Six operations in a specific order. LayerNorm, then multi-head attention, then a residual connection adds the input back. Then LayerNorm, then a small feed-forward MLP, then another residual. That's it — the rest is repeating this block N times.

Why are there three vectors per token (Q, K, V) in attention?

A query says "what am I looking for", a key advertises "what I represent", and a value carries "what to contribute". Splitting these three roles lets the model decide attention weights from queries-and-keys while the actual content moves through values.

What does multi-head attention add over a single head?

A single head learns one attention pattern. Multi-head runs several in parallel, each with its own projections — letting different heads attend to different patterns (syntax, identity, long-range), then combining the results.

Why does the Transformer use LayerNorm instead of BatchNorm?
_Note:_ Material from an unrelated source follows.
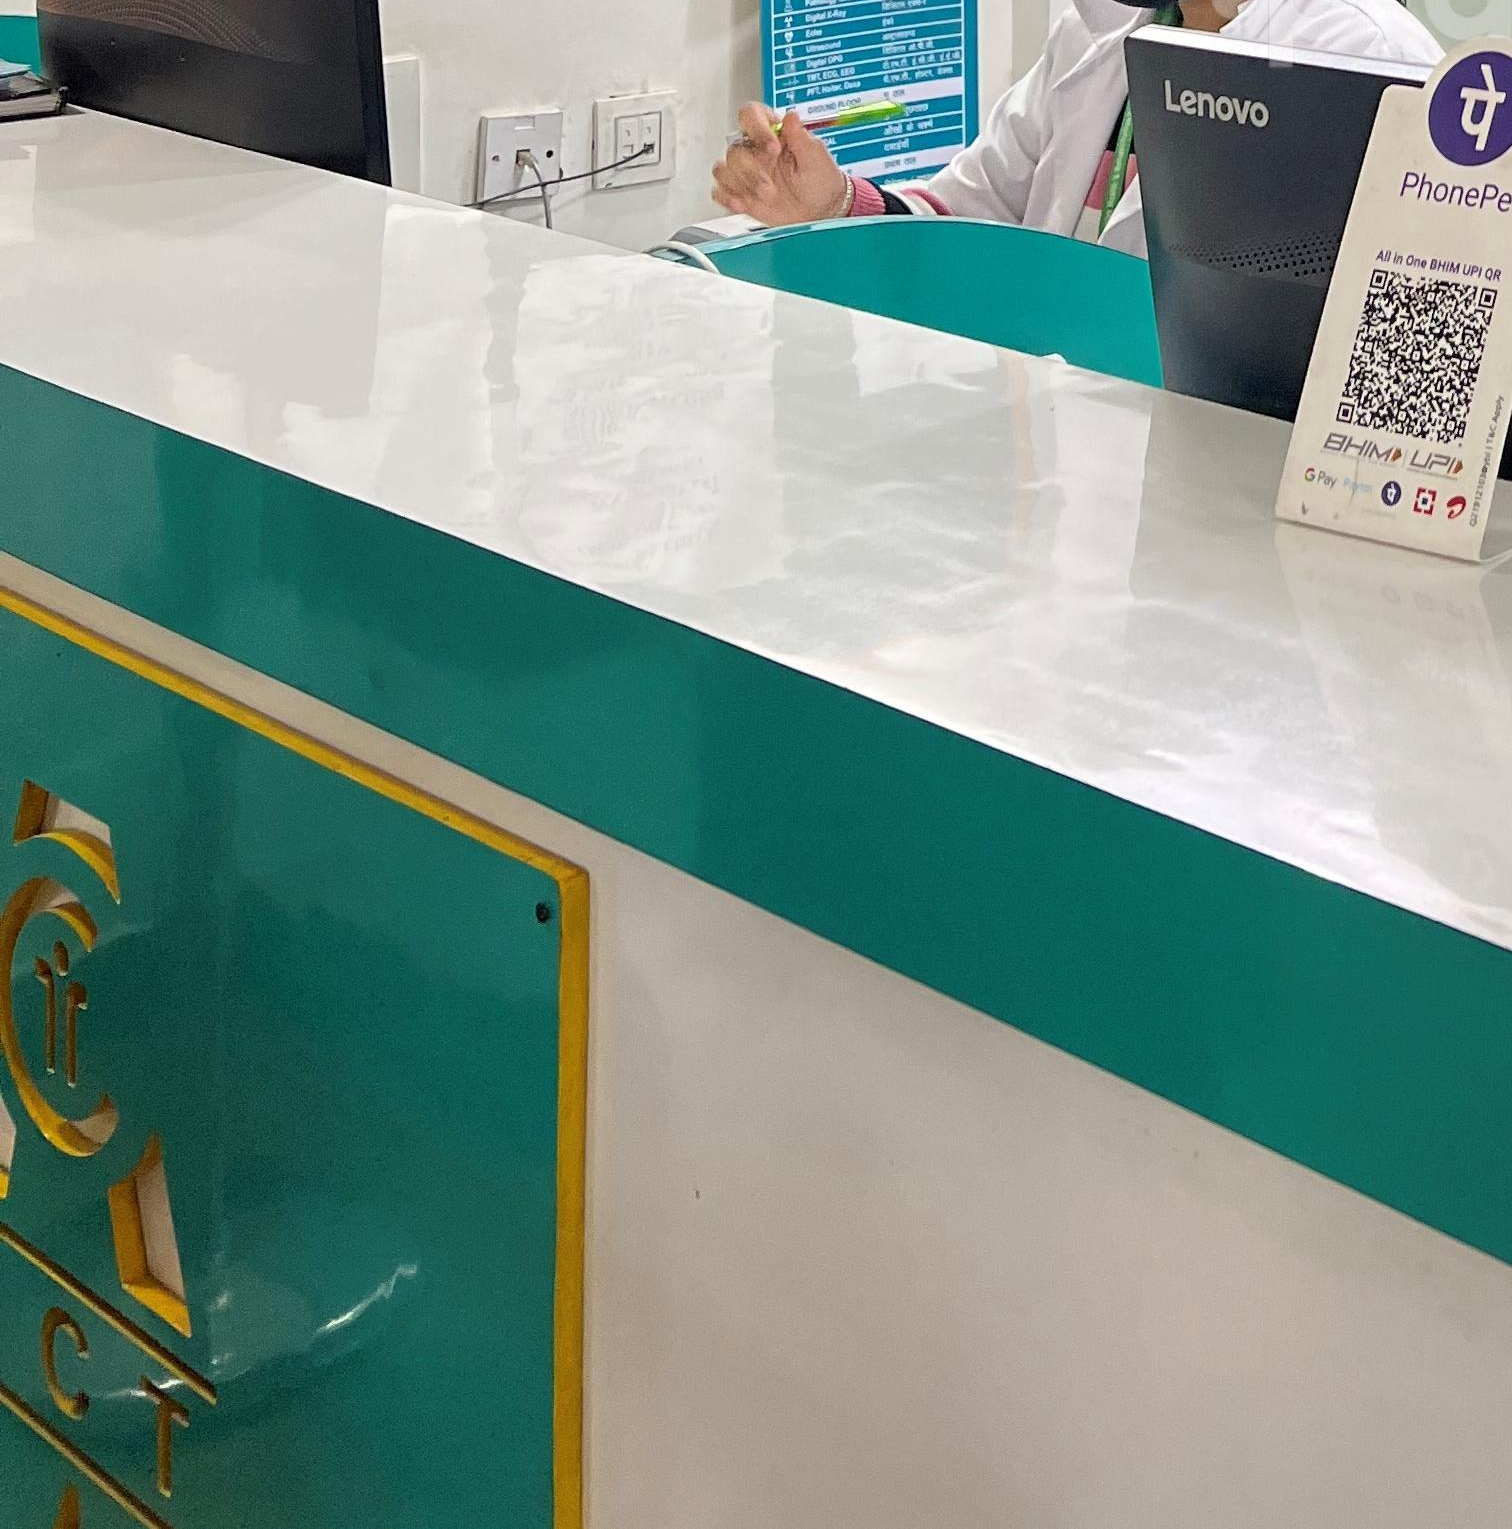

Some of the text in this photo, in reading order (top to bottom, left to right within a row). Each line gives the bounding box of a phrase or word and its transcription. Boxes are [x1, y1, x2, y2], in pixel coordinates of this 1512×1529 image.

LayerNorm normalizes per-token, so it works regardless of batch size — important for variable-length sequences and inference where batch size can be 1. BatchNorm would couple tokens across the batch, which is the wrong invariant for language.

What does the causal mask do?

It prevents each token from attending to future tokens during training. We set future-position scores to negative infinity before softmax, so they end up at zero probability. This is what makes a Transformer a *decoder* — it can only see the past.